Março de 2022  Não acatada a recomendação, o MPF ajuíza ação civil pública 5020957-93.2022.4.02.5101  na qual questiona a falta de EIA/RIMA e o indevido fracionamento do licenciamento, fatiado para permitir a instalação e operação das 36 torres temporárias de linha de transmissão de energia. O MPF pediu urgência e alegou que os quase 14 km de extensão das linhas de transmissão fazem parte do megaempreendimento das 4 termelétricas e que, por si só, já causariam significativo impacto ambiental, visto que resultariam em supressão de trecho da Mata Atlântica e áreas de preservação permanente, como, por exemplo, manguezais.

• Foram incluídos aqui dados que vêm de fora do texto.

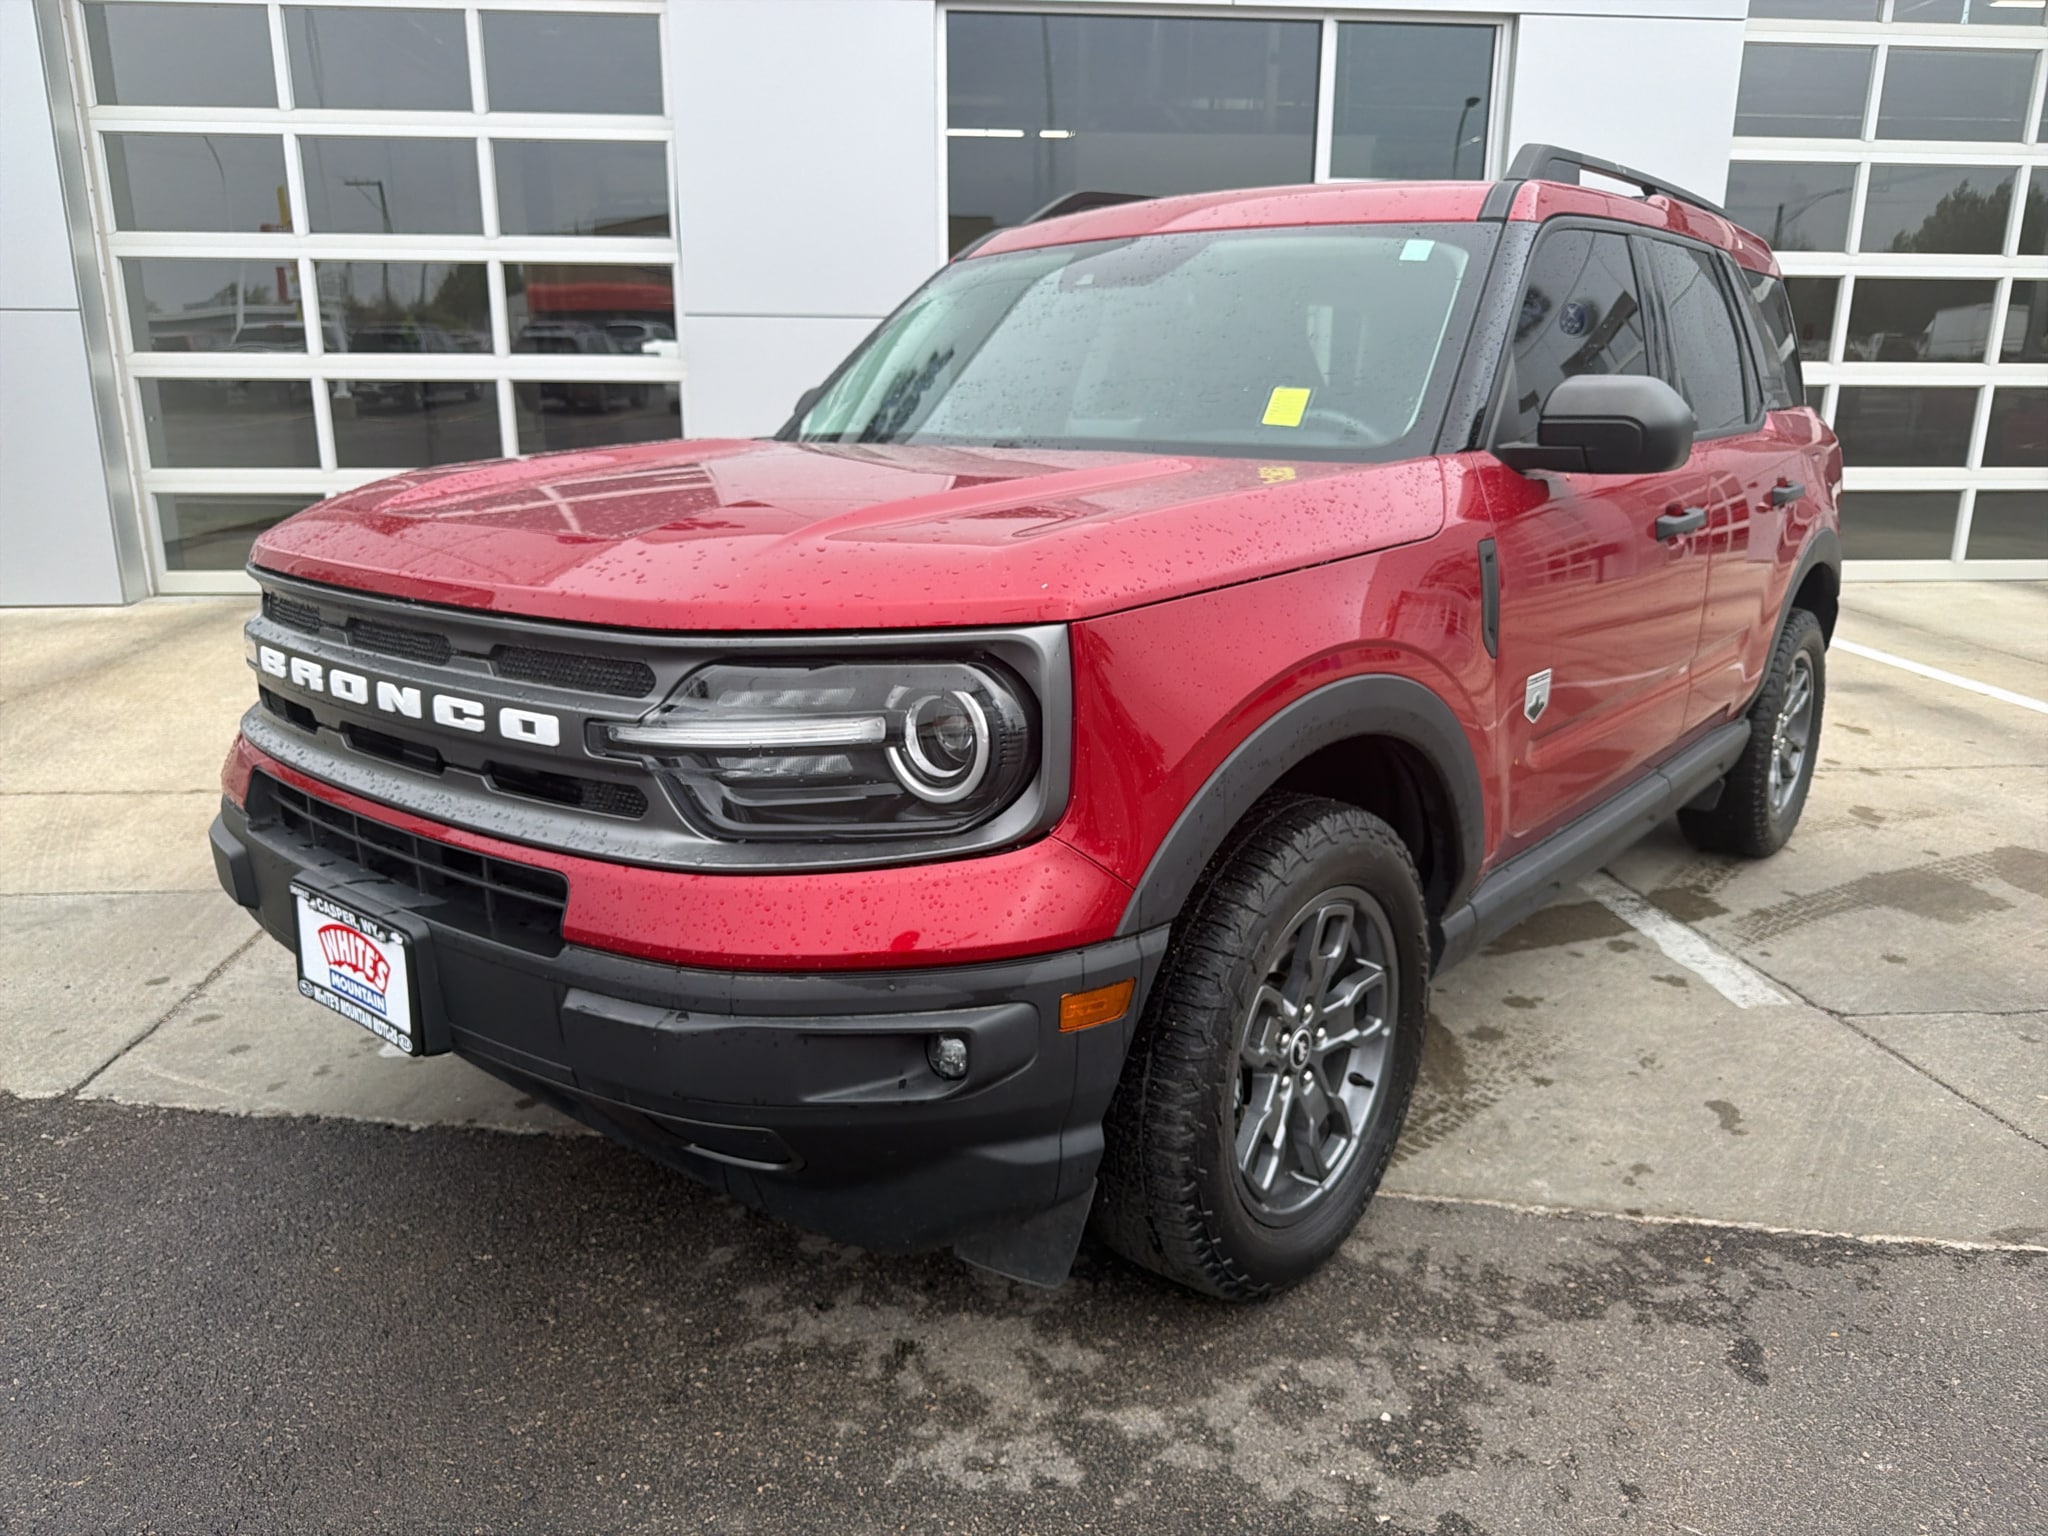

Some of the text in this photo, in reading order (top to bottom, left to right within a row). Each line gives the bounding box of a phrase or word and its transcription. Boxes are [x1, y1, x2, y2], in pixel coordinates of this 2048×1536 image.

[259, 645, 560, 747] BRONCO
[320, 928, 388, 994] WHITE'S
[331, 973, 385, 1012] MOUNTAIN
[340, 998, 372, 1030] MOUNTAIN
[372, 1016, 398, 1045] MOTORS

Maio de 2022 Considerando que a empresa empreendedora já havia contestado a primeira ação e que, neste ínterim, o Inea concedeu licença para instalação e operação das quatro termelétricas, o MPF propõe uma segunda ACP – 5041112-20.2022.4.02.5101. Desta vez, o órgão ministerial pediu a nulidade do licenciamento das termelétricas e a suspensão de qualquer atividade de que visasse a instalação dos equipamentos no local dos fatos. O parquet federal volta a alegar que o licenciamento do megaempreendimento não poderia ter sido fracionado e tampouco deveria ter dispensado o necessário, completo e aprofundando EIA/RIMA.

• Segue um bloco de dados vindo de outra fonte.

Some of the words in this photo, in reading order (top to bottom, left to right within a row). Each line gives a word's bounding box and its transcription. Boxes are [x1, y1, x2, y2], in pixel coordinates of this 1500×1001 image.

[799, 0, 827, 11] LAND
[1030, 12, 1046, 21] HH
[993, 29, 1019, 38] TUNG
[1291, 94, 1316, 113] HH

Setembro de 2022  Após diversas reiterações sobre a urgência e necessidade da concessão da tutela jurisdicional de urgência, a Justiça Federal da Seção Judiciária do Rio de Janeiro extingue o processo sem analisar o mérito, alegando, entre outras coisas, ilegitimidade do MPF, falta de competência da Justiça Federal e uma suposta litispendência. Em relação a esse último ponto, o MPF esclarece, nos recursos de apelação interpostos, que existe uma antiga decisão proferida pela Justiça do Estadual, obrigando o Estado do Rio de Janeiro a se abster de licenciar atividades de significativo impacto ambiental sem o necessário EIA/RIMA. No caso das quatro termelétricas, além da magnitude do empreendimento, da alta capacidade de produção de energia suja, da direta influência no mar territorial, na Mata Atlântica e em áreas de preservação permanente, tanto o empreendedor quanto o Estado do Rio de Janeiro alegam que não há significativo impacto ambiental, argumento adotado para dispensar o EIA/RIMA no caso concreto.

Novembro de 2022  MPF envia nova manifestação à Justiça Federal, requerendo que os recursos sejam encaminhados ao Tribunal Regional Federal da 2ª Região, logo assim que decorridos os prazos para contrarrazões dos apelados.

Fevereiro de 2023 Uma vez decorridos os prazos, MPF cobra o envio dos autos para o TRF2 para análise dos recursos, salientando que há requerimentos de tutela recursal de urgência, através dos quais busca-se efetividade da prestação jurisdicional.